Will Hanwha Earnings Look Less Dark?

Will Hanwha Earnings Look Less Dark?

Hanwha SolarOne will release its latest quarterly report on Monday, and investors have gotten a lot more excited about the stock's prospects in recent months. Yet even though the Chinese solar market has seen some encouraging signs lately, Hanwha earnings are likely to remain in the red for a long while to come.

For years, intense competition in the Chinese solar industry has led to overproduction and weak pricing, which in turn has made it nearly impossible for most Chinese solar companies to be profitable. Recently, though, signs of financial difficulties among weaker Chinese solar players have made investors optimistic that a shaking-out in the industry could leave survivors with better profit potential. Let's take an early look at what's been happening with Hanwha SolarOne over the past quarter and what we're likely to see in its quarterly report.

Stats on Hanwha SolarOne

Analyst EPS Estimate


Year-Ago EPS


Last Quarter's Revenue

$179.1 million

Change From Year-Ago Revenue


Earnings Beats in Past 4 Quarters


Source: S&P Capital IQ.

Can Hanwha earnings keep improving this quarter?
In recent months, analysts have seen more promise in their views on Hanwha earnings. They've narrowed their June-quarter loss estimates by a nickel per share and their full-year projections by $0.37 per share. That optimism has resulted in a massive 140% increase in the stock since early June.

Hanwha's big move higher began in late June, when the company announced that it successfully got a $100 million term loan from Korea's Export-Import Bank. The default earlier this year from Suntech Power refocused investor attention on making sure that money-losing Chinese solar companies could get outside financing to sustain their operations, and the fact that a non-Chinese lender was willing to extend Hanwha credit is a vote of confidence for the company.

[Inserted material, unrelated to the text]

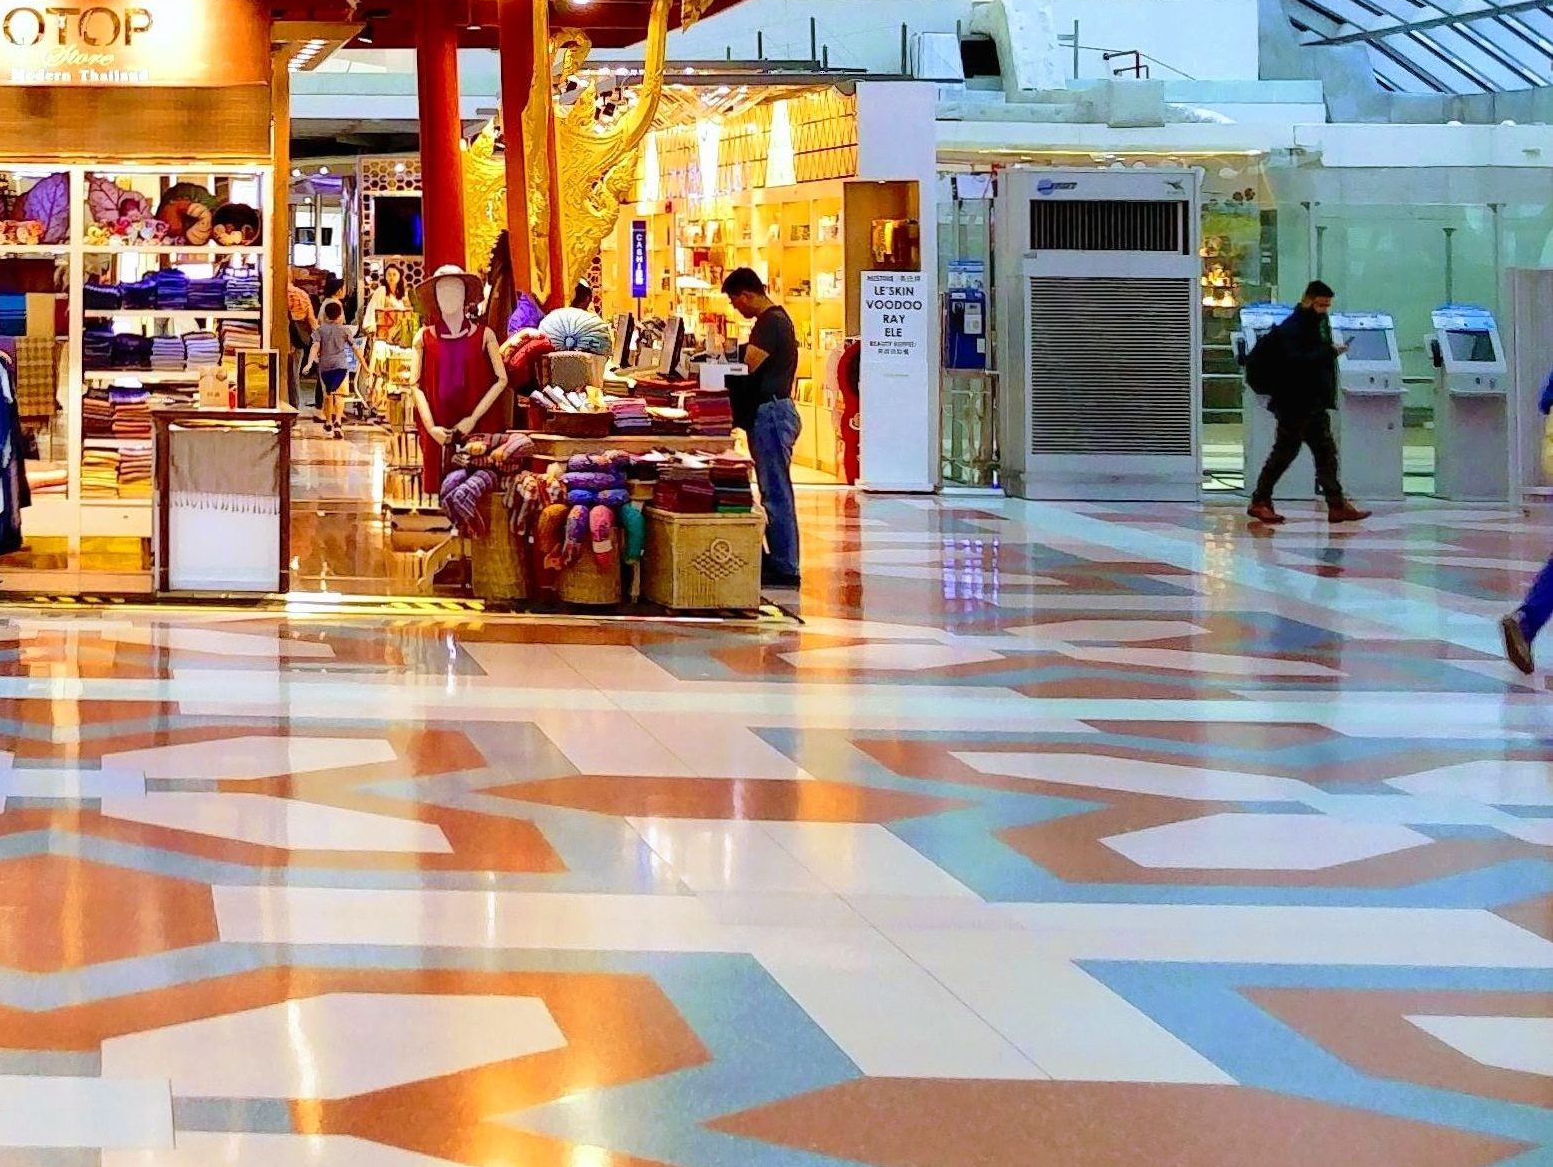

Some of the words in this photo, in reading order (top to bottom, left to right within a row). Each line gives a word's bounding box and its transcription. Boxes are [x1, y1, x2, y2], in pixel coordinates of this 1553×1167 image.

Yet the real pop among Chinese solar stocks came from a combination of two much broader industry-moving announcements. In mid-July, the Chinese State Council said it plans to build 35 gigawatts of solar capacity within the next two years. Even though that news strongly suggests continued reliance from China's solar industry on its own government, it nevertheless sent Hanwha and its peers higher. Then, later in the month, Europe and China agreed to settle a potential trade dispute by having Europe impose price floors on sales of Chinese solar panels. By avoiding a much more punitive tariff, Chinese solar companies should be better able to weather the potential impact that minimum sales prices could have on the industry.

In its March quarter, Hanwha managed to eke out a positive gross margin. Continuing to do so will be critical going forward, as rivals Yingli Green Energy and JA Solar have both reversed their own negative gross margins. Even with those gains, though, both companies continue to struggle operationally, with Yingli having to manage $2.8 billion in debt and with JA Solar failing to boost its sales-volume guidance, disappointing investors.

In the Hanwha earnings report, watch closely to see where the company's sales are coming from and how much it's able to boost its margins. Without considerable progress, the gains the stock has seen in recent months could fade into the shadows quickly if Hanwha can't sustain its forward momentum.